WORK TO COMPLETE. Copy the records below exactly as they stand. Leave out the pictures.

--- EXERCISE MATERIALS Enclosed Below ---

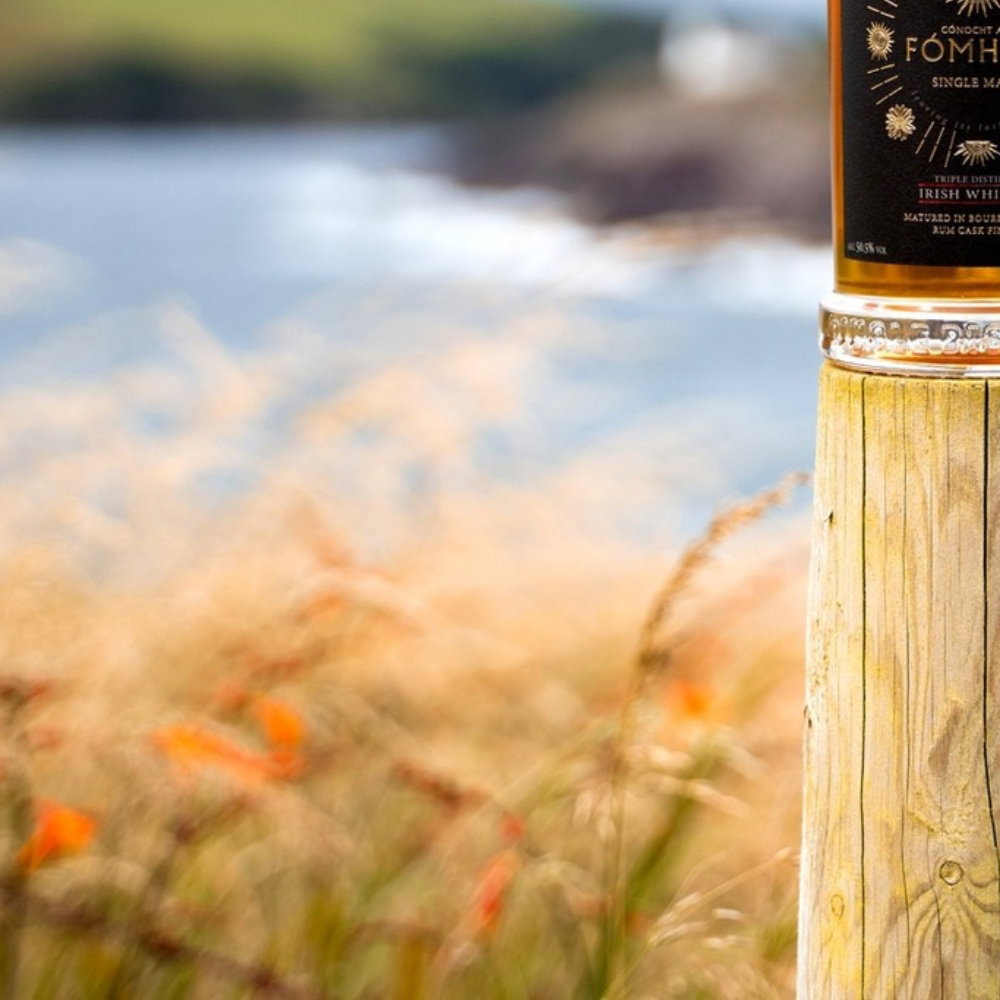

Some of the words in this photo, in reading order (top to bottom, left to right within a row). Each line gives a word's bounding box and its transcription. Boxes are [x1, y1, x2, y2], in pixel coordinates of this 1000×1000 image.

[940, 25, 992, 35] CÓNOCHT
[931, 77, 979, 88] SINGLE
[934, 175, 967, 183] TRIPLE
[918, 188, 960, 199] IRISH
[903, 213, 950, 222] MATURED
[953, 213, 966, 223] IN
[932, 226, 956, 235] RUM
[957, 226, 985, 235] CASK
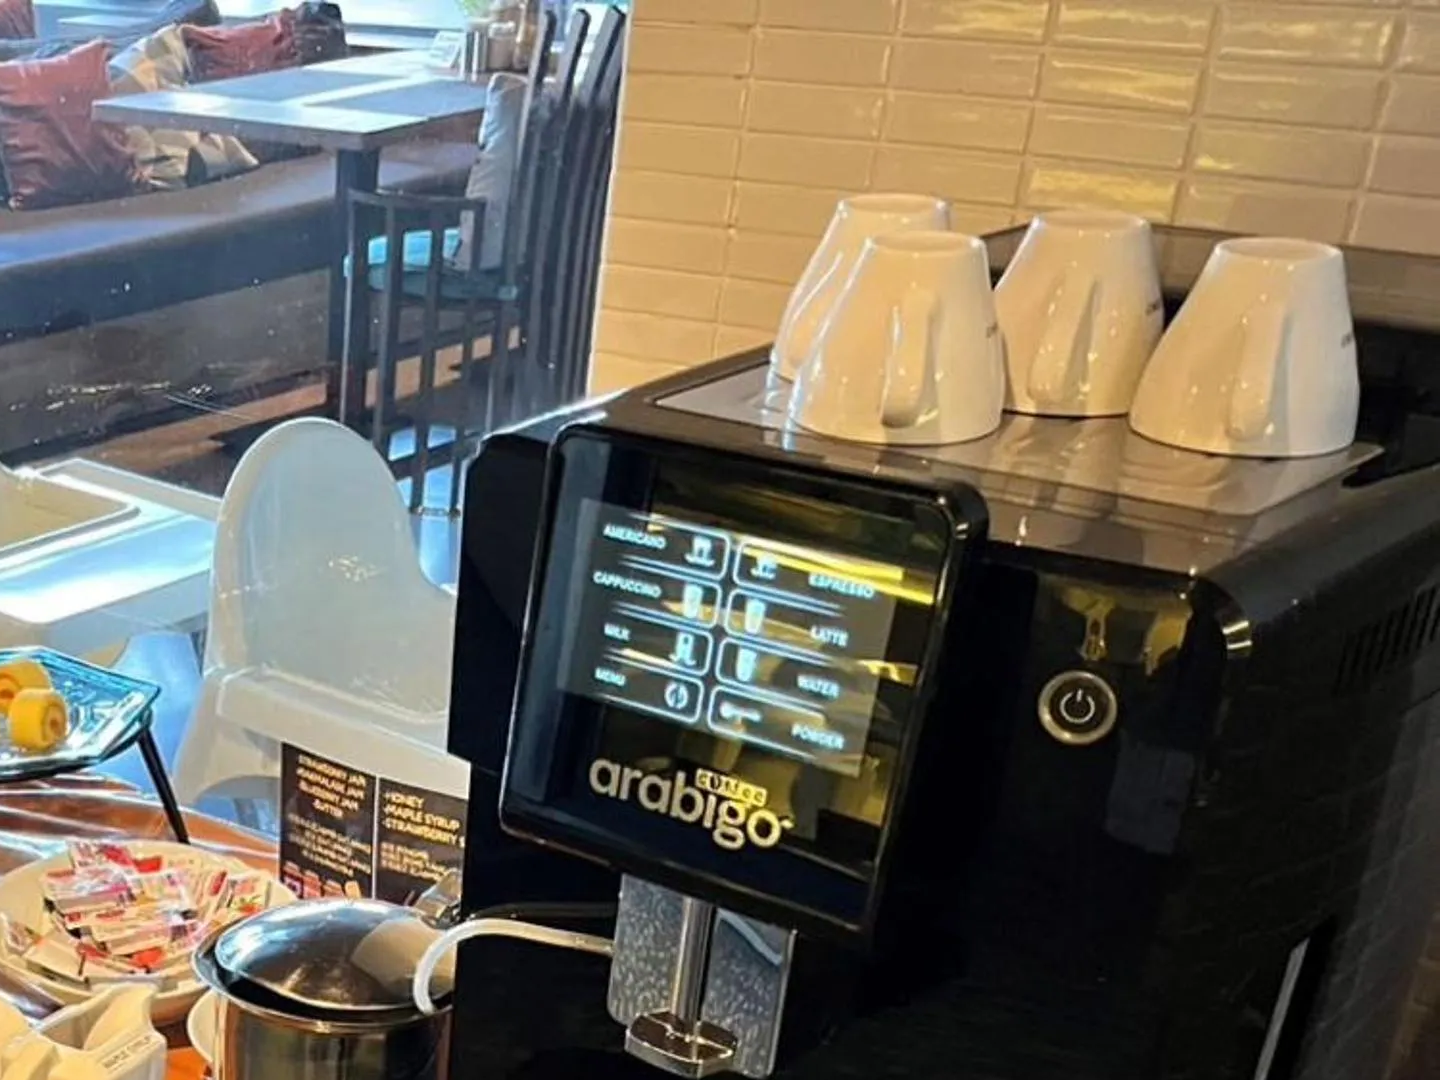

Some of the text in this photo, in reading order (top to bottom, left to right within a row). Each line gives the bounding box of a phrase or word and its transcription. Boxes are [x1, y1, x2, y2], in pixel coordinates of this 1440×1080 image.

[603, 523, 667, 549] AMERICANO
[592, 570, 661, 599] CAPPUCCINO
[808, 572, 875, 599] ESPRESSO
[603, 623, 630, 641] MILK
[810, 625, 849, 648] LATTE
[594, 667, 626, 687] MENU
[796, 674, 839, 699] WATER
[791, 723, 845, 750] POWDER
[588, 757, 783, 851] arabigo

--- End of Enclosed EXERCISE MATERIALS ---

RESULT BELOW.
Some of the words in this photo, in reading order (top to bottom, left to right within a row). Each line gives a word's bounding box and its transcription. Boxes are [x1, y1, x2, y2], in pixel coordinates of this 1000×1000 image.

[940, 25, 992, 35] CÓNOCHT
[931, 77, 979, 88] SINGLE
[934, 175, 967, 183] TRIPLE
[918, 188, 960, 199] IRISH
[903, 213, 950, 222] MATURED
[953, 213, 966, 223] IN
[932, 226, 956, 235] RUM
[957, 226, 985, 235] CASK

Some of the text in this photo, in reading order (top to bottom, left to right within a row). Each line gives the bounding box of a phrase or word and its transcription. Boxes are [x1, y1, x2, y2], in pixel coordinates of this 1440×1080 image.

[603, 523, 667, 549] AMERICANO
[592, 570, 661, 599] CAPPUCCINO
[808, 572, 875, 599] ESPRESSO
[603, 623, 630, 641] MILK
[810, 625, 849, 648] LATTE
[594, 667, 626, 687] MENU
[796, 674, 839, 699] WATER
[791, 723, 845, 750] POWDER
[588, 757, 783, 851] arabigo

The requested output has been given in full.